### Information supplied
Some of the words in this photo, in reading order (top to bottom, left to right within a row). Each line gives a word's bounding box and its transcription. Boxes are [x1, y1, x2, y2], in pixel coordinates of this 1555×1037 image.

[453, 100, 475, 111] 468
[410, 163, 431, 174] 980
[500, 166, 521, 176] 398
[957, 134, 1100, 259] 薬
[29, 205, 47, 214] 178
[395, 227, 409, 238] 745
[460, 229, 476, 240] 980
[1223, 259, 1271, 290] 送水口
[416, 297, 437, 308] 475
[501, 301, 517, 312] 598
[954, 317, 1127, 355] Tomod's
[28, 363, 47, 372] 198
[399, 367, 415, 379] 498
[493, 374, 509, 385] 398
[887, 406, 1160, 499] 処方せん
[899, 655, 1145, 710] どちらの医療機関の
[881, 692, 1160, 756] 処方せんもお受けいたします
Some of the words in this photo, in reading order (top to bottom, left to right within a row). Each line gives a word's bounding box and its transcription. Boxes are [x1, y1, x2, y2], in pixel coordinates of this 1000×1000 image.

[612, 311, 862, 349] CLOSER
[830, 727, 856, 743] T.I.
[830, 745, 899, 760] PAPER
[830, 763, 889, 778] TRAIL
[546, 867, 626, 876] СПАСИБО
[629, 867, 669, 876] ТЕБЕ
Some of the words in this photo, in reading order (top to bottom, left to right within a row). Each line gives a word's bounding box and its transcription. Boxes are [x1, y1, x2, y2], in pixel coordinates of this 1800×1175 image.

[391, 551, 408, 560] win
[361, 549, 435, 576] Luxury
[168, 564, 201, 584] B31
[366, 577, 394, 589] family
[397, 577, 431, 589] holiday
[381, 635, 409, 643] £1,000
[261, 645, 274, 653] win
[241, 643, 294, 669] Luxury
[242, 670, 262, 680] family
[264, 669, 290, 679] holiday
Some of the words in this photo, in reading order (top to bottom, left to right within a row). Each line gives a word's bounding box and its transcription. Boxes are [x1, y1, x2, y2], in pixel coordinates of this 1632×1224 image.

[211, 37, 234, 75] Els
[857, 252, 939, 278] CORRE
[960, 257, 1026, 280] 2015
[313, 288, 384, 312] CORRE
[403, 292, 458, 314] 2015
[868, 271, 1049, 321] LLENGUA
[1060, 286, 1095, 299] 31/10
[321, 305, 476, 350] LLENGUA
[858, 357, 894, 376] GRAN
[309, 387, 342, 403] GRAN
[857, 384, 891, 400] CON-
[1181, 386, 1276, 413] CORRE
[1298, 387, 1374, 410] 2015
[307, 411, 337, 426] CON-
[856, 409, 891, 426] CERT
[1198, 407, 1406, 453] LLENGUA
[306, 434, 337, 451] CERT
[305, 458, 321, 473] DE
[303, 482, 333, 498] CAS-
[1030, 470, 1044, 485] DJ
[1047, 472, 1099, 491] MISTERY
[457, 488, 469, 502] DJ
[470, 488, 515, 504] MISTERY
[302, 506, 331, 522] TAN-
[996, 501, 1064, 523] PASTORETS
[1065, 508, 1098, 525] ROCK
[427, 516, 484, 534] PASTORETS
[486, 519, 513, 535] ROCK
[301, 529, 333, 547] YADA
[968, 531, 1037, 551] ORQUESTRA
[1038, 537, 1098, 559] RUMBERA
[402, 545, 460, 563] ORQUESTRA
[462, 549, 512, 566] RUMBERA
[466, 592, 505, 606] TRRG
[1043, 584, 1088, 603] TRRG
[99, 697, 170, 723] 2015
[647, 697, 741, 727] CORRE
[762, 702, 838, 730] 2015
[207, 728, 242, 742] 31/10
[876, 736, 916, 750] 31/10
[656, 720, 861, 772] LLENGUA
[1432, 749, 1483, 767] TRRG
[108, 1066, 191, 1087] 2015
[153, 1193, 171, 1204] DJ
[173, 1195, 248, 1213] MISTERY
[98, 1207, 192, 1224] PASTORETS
######
What the task asks> Without altering anything, print all of the data again.

Problem solution>
Some of the words in this photo, in reading order (top to bottom, left to right within a row). Each line gives a word's bounding box and its transcription. Boxes are [x1, y1, x2, y2], in pixel coordinates of this 1555×1037 image.

[453, 100, 475, 111] 468
[410, 163, 431, 174] 980
[500, 166, 521, 176] 398
[957, 134, 1100, 259] 薬
[29, 205, 47, 214] 178
[395, 227, 409, 238] 745
[460, 229, 476, 240] 980
[1223, 259, 1271, 290] 送水口
[416, 297, 437, 308] 475
[501, 301, 517, 312] 598
[954, 317, 1127, 355] Tomod's
[28, 363, 47, 372] 198
[399, 367, 415, 379] 498
[493, 374, 509, 385] 398
[887, 406, 1160, 499] 処方せん
[899, 655, 1145, 710] どちらの医療機関の
[881, 692, 1160, 756] 処方せんもお受けいたします
Some of the words in this photo, in reading order (top to bottom, left to right within a row). Each line gives a word's bounding box and its transcription. Boxes are [x1, y1, x2, y2], in pixel coordinates of this 1000×1000 image.

[612, 311, 862, 349] CLOSER
[830, 727, 856, 743] T.I.
[830, 745, 899, 760] PAPER
[830, 763, 889, 778] TRAIL
[546, 867, 626, 876] СПАСИБО
[629, 867, 669, 876] ТЕБЕ
Some of the words in this photo, in reading order (top to bottom, left to right within a row). Each line gives a word's bounding box and its transcription. Boxes are [x1, y1, x2, y2], in pixel coordinates of this 1800×1175 image.

[391, 551, 408, 560] win
[361, 549, 435, 576] Luxury
[168, 564, 201, 584] B31
[366, 577, 394, 589] family
[397, 577, 431, 589] holiday
[381, 635, 409, 643] £1,000
[261, 645, 274, 653] win
[241, 643, 294, 669] Luxury
[242, 670, 262, 680] family
[264, 669, 290, 679] holiday
Some of the words in this photo, in reading order (top to bottom, left to right within a row). Each line gives a word's bounding box and its transcription. Boxes are [x1, y1, x2, y2], in pixel coordinates of this 1632×1224 image.

[211, 37, 234, 75] Els
[857, 252, 939, 278] CORRE
[960, 257, 1026, 280] 2015
[313, 288, 384, 312] CORRE
[403, 292, 458, 314] 2015
[868, 271, 1049, 321] LLENGUA
[1060, 286, 1095, 299] 31/10
[321, 305, 476, 350] LLENGUA
[858, 357, 894, 376] GRAN
[309, 387, 342, 403] GRAN
[857, 384, 891, 400] CON-
[1181, 386, 1276, 413] CORRE
[1298, 387, 1374, 410] 2015
[307, 411, 337, 426] CON-
[856, 409, 891, 426] CERT
[1198, 407, 1406, 453] LLENGUA
[306, 434, 337, 451] CERT
[305, 458, 321, 473] DE
[303, 482, 333, 498] CAS-
[1030, 470, 1044, 485] DJ
[1047, 472, 1099, 491] MISTERY
[457, 488, 469, 502] DJ
[470, 488, 515, 504] MISTERY
[302, 506, 331, 522] TAN-
[996, 501, 1064, 523] PASTORETS
[1065, 508, 1098, 525] ROCK
[427, 516, 484, 534] PASTORETS
[486, 519, 513, 535] ROCK
[301, 529, 333, 547] YADA
[968, 531, 1037, 551] ORQUESTRA
[1038, 537, 1098, 559] RUMBERA
[402, 545, 460, 563] ORQUESTRA
[462, 549, 512, 566] RUMBERA
[466, 592, 505, 606] TRRG
[1043, 584, 1088, 603] TRRG
[99, 697, 170, 723] 2015
[647, 697, 741, 727] CORRE
[762, 702, 838, 730] 2015
[207, 728, 242, 742] 31/10
[876, 736, 916, 750] 31/10
[656, 720, 861, 772] LLENGUA
[1432, 749, 1483, 767] TRRG
[108, 1066, 191, 1087] 2015
[153, 1193, 171, 1204] DJ
[173, 1195, 248, 1213] MISTERY
[98, 1207, 192, 1224] PASTORETS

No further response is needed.